Entre los documentos que revisé esta semana, hay uno que contiene estadísticas sobre la distribución del agua entre los distintos usuarios a nivel nacional de 1950 a 1988 y donde se hace una distinción entre el volumen de agua extraída y el volumen de agua utilizada por las distintas actividades, incluido el uso doméstico.

Releer las cifras de estas estadísticas (un cuadro de cinco renglones y seis columnas) y hacer una comparación entre los años, usuarios y actividades que presenta es hacer un repaso por los distintos episodios que ha vivido la economía nacional derivados de los objetivos de política económica, dictada a su vez por la dinámica de los países líderes.

El periodo de sustitución de importaciones de la década de los 40 del siglo XX creó una economía cerrada y sostenida básicamente por la siderurgia, la metalmecánica, alimentos, bebidas y tabaco, textiles, ropa y calzado cuya producción, como parte de la política, se dirigía fundamentalmente al mercado interno, es decir, producíamos lo que consumíamos y viceversa.

Las importaciones y las exportaciones fueron casi nulas como consecuencia también del periodo bélico mundial.

En las estadísticas que refiero, esto se refleja en una distribución del agua donde para 1950 el sector agrícola consumía el 99 por ciento del volumen de agua extraída.

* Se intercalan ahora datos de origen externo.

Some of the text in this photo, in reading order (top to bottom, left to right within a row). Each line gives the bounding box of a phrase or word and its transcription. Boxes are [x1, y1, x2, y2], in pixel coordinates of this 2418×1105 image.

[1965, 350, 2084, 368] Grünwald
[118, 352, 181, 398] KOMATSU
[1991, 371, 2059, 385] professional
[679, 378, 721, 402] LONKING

Ni la industria ni el agua potable se reflejan en estas cifras.

La incorporación de tecnología moderna en la década de los sesenta del siglo XX permitió inyectar dinamismo al sector industrial, creciendo casi al 9 por ciento anual en esos años. El contexto internacional fue fundamental para ello, sobre todo por el enorme flujo de inversión extranjera hacia países en desarrollo.

La búsqueda de reducción de costos de las grandes compañías mundiales y la posibilidad de segmentar los procesos de producción y relocalizar aquellos más costosos —sobre todo los intensivos en mano de obra— hacia países con bajos salarios fue aprovechada en México.

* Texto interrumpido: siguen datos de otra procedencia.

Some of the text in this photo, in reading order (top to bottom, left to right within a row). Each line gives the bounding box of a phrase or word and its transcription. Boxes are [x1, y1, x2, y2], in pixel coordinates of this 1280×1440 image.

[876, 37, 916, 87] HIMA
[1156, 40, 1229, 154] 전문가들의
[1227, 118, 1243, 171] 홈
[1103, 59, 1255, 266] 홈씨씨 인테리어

Para la frontera se crearon políticas específicas plasmadas en el Programa Nacional Fronterizo y el Programa Nacional de Industrialización de la Frontera Norte, iniciando así la era de las maquiladoras en 1966 que se propagaron en los siguientes años.

El auge maquilador, junto con las industrias tradicionalmente concentradoras de la actividad manufacturera ubicadas en el centro del país, así como el impulso para la creación de parques industriales, sientan los primeros elementos para el cambio estructural de la economía mexicana donde la industria jugará el papel central. Se comienza a vislumbrar también un cambio en el uso del agua.

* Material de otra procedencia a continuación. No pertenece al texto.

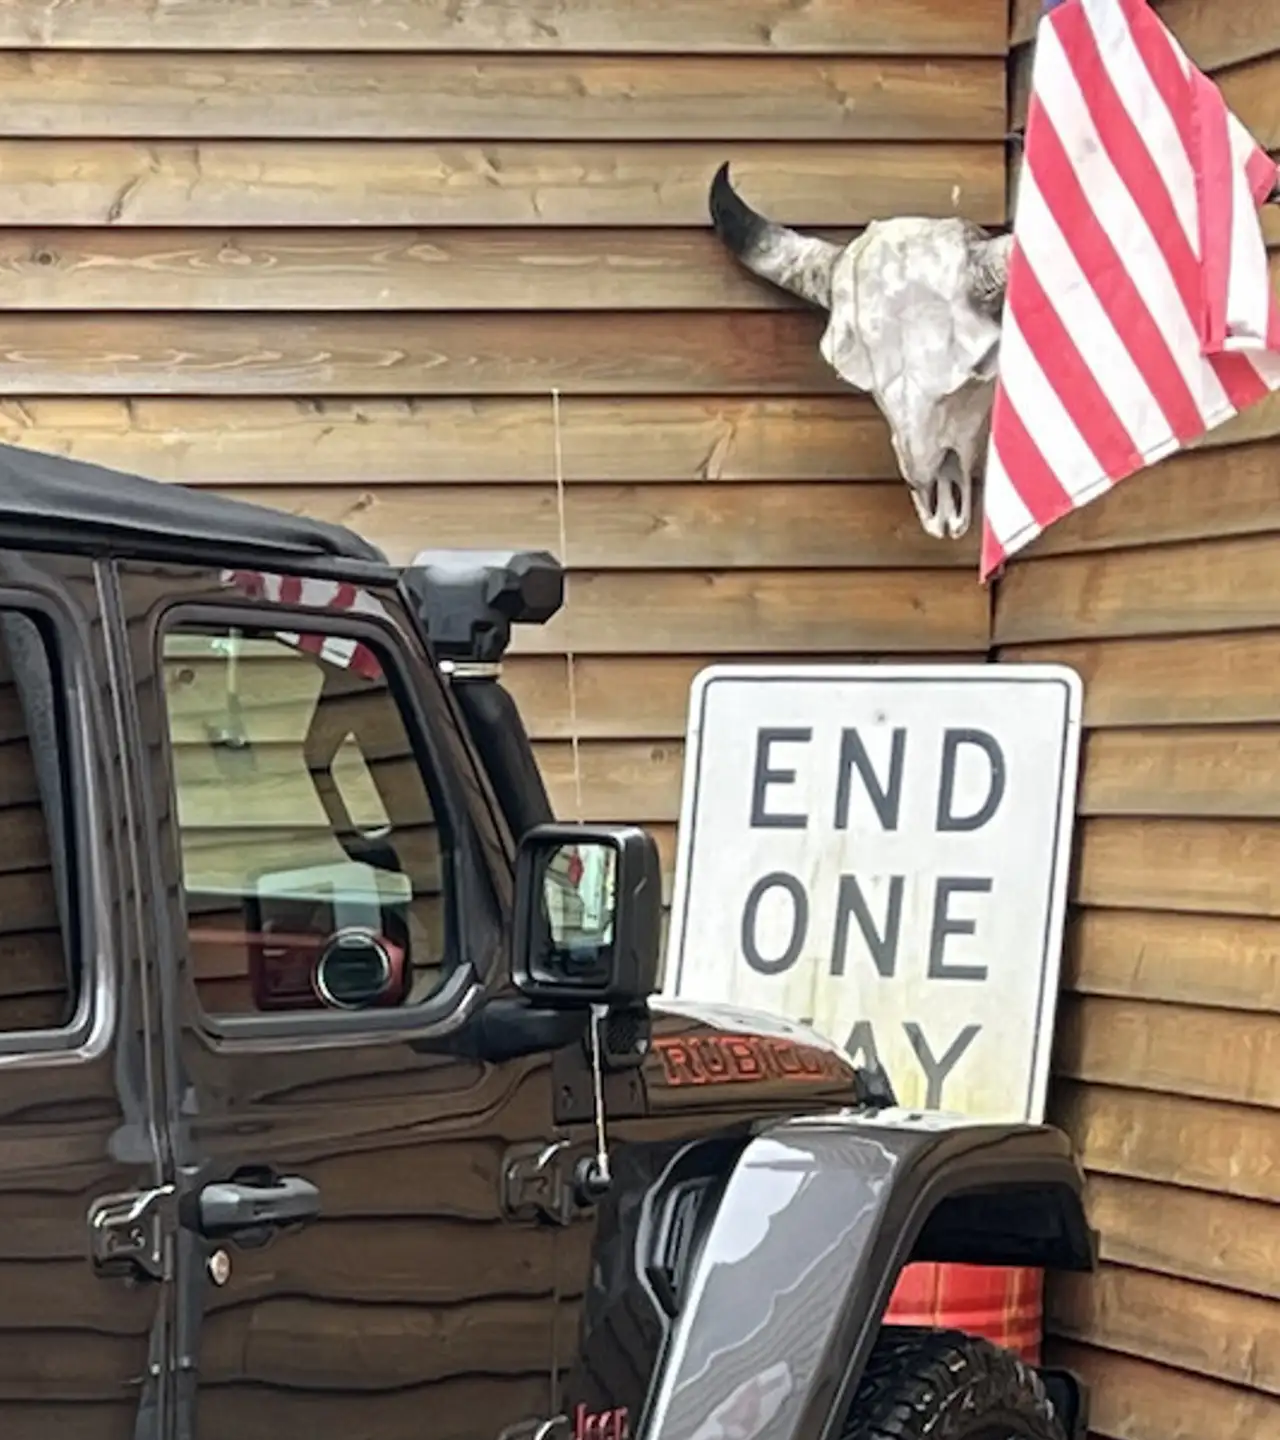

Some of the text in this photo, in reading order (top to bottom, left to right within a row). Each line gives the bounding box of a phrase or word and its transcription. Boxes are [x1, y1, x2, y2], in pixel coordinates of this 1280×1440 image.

[749, 727, 1007, 832] END
[740, 871, 993, 981] ONE
[825, 1020, 983, 1110] AY

El consumo industrial del agua pasó de representar del 2 por ciento del consumo total de agua extraída en 1975 al 5 por ciento en 1980 y al 6 por ciento en 1988. Como hasta ahora, el sector agrícola fue el principal consumidor, con 95 y 91 por ciento del total. Aparecen también los usuarios domésticos representados por el consumo de los organismos de agua potable cuyo consumo se mantuvo en 3 por ciento del total para esos años.

La relevancia de esta cifra es que mientras el consumo total apenas y se duplicó en este periodo, el consumo de agua realizado por la industria en 1950 se había multiplicado por diez para 1975. En 30 años (1950-1980) se multiplicó por 23. En términos porcentuales, este incremento es casi de 2 200 por ciento.

Esa es la historia. Actualmente, a nivel mundial, la industria utiliza el 22 por ciento del volumen total de agua disponible, y llega casi al 60 en países de elevados ingresos y tecnificación. Si el futuro de la economía mexicana sigue la ruta de las tendencias mundiales, habría que preocuparse más en el tipo de industrias que nuestras regiones soportan en términos de recursos naturales y no sólo en los valores monetarios y la derrama económica que reportan. De otra forma, más que elevar los niveles de bienestar —que debiera ser el objetivo del fomento de esta actividad—, los deteriora.